The second day of festivities is Iceland's take on Fat Tuesday. Sprengidagur, depending on who you ask, either means "exploding day" or it refers to a practice of sprinkling holy water. If you stick with the former, Sprengidagur is all about stuffing your face with rich, fatty foods until you're ready to burst. On the traditional menu is a lot of salted meat—including horse—and yellow peas.

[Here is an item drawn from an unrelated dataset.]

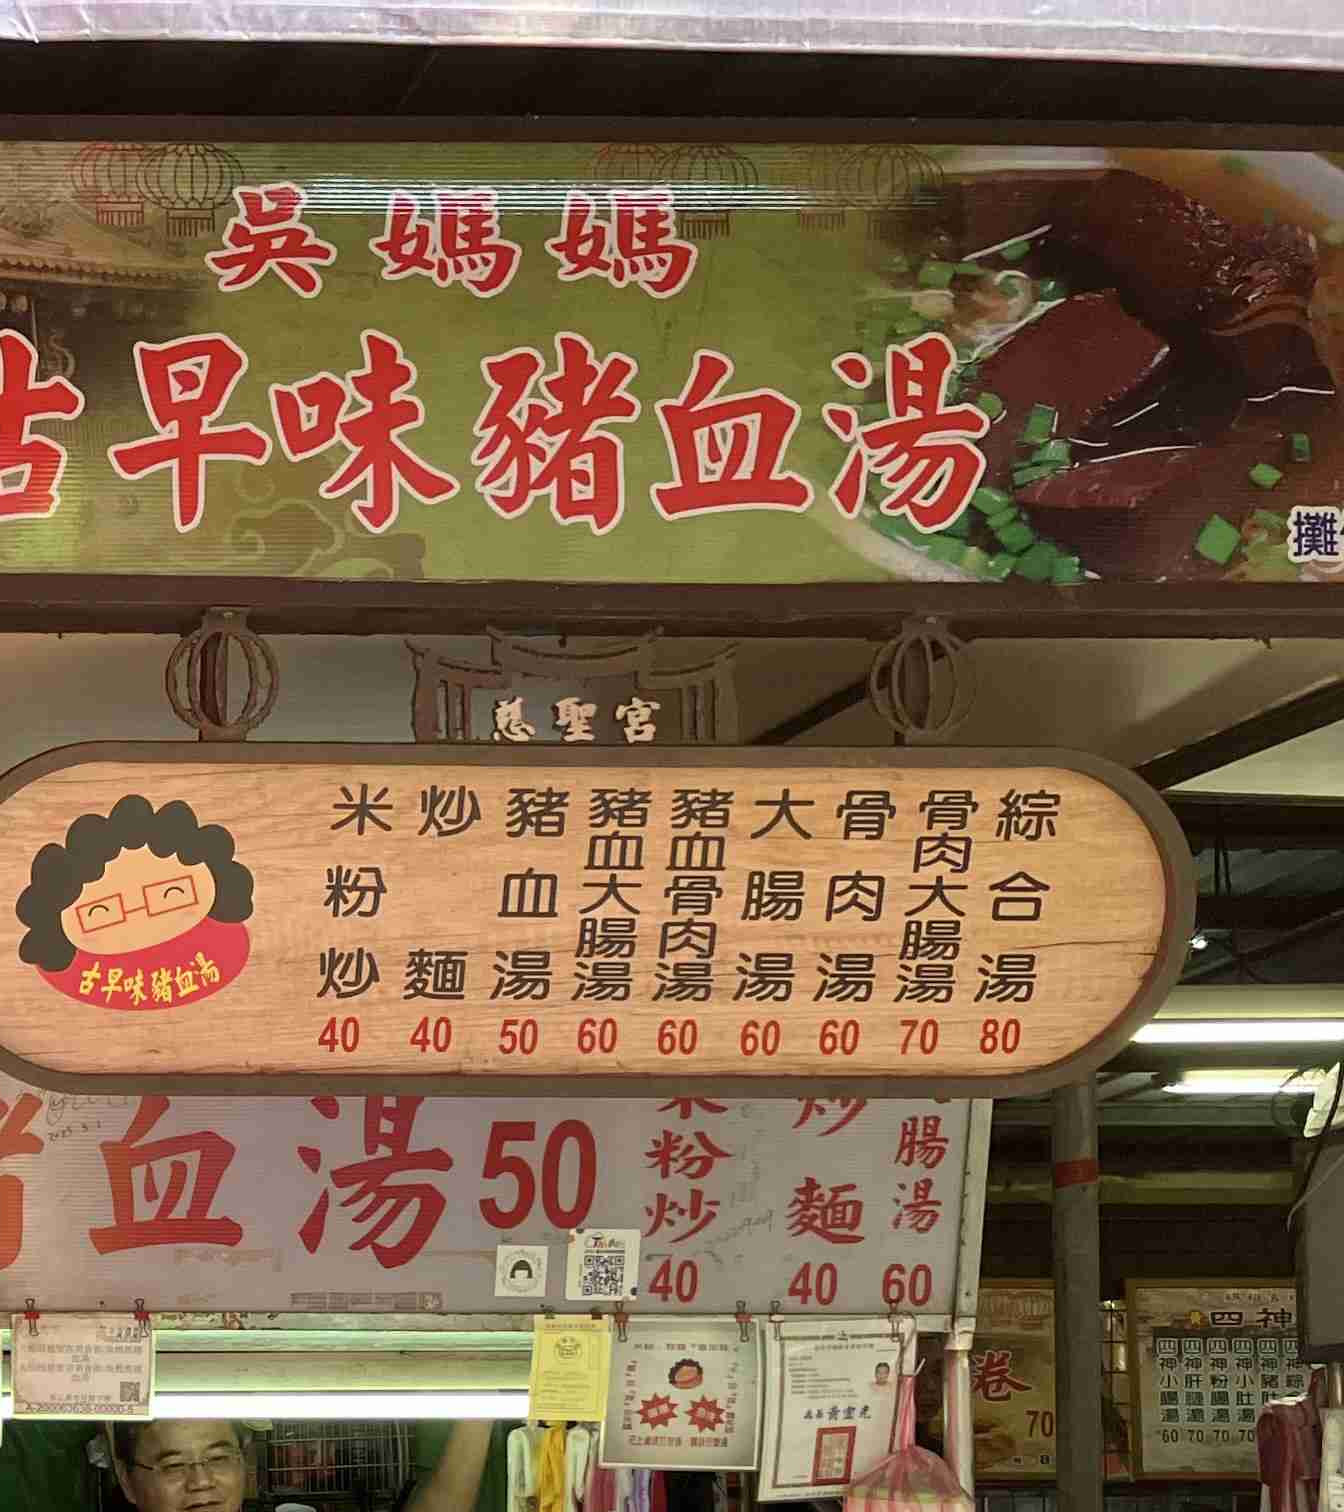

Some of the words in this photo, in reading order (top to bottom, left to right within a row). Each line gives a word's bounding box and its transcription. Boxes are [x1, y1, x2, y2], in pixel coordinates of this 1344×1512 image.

Lastly, Öskudagur, which takes place on Ash Wednesday, is often referred to as Icelandic Halloween, because little kids in costumes wander around collecting candy from strangers—but in Iceland the kids sing for their candy! If that isn't adorable enough for you to book plane tickets, you're broken.

Thorrablot

traditional Icelandic foods

Iceland Monitor

This last festival is...not for everyone. If you are not an adventurous eater, you'd better steer clear. But for those of us who are willing to hold our noses and dig into some traditional Icelandic cuisine, this annual celebration is the perfect time to experiene it all. Thorrablot—or Þorrablót—is dedicated to all the things that people who live in frozen darkness will eat to survive, including but not limited to Blóðmör (blood sausage), Hrútspungur (ram testicles), and Hákarl (putrefied shark). If you can handle all that, you've earned a soak in one of Iceland's legendary hot springs and a glass of Brennivín under the northern lights.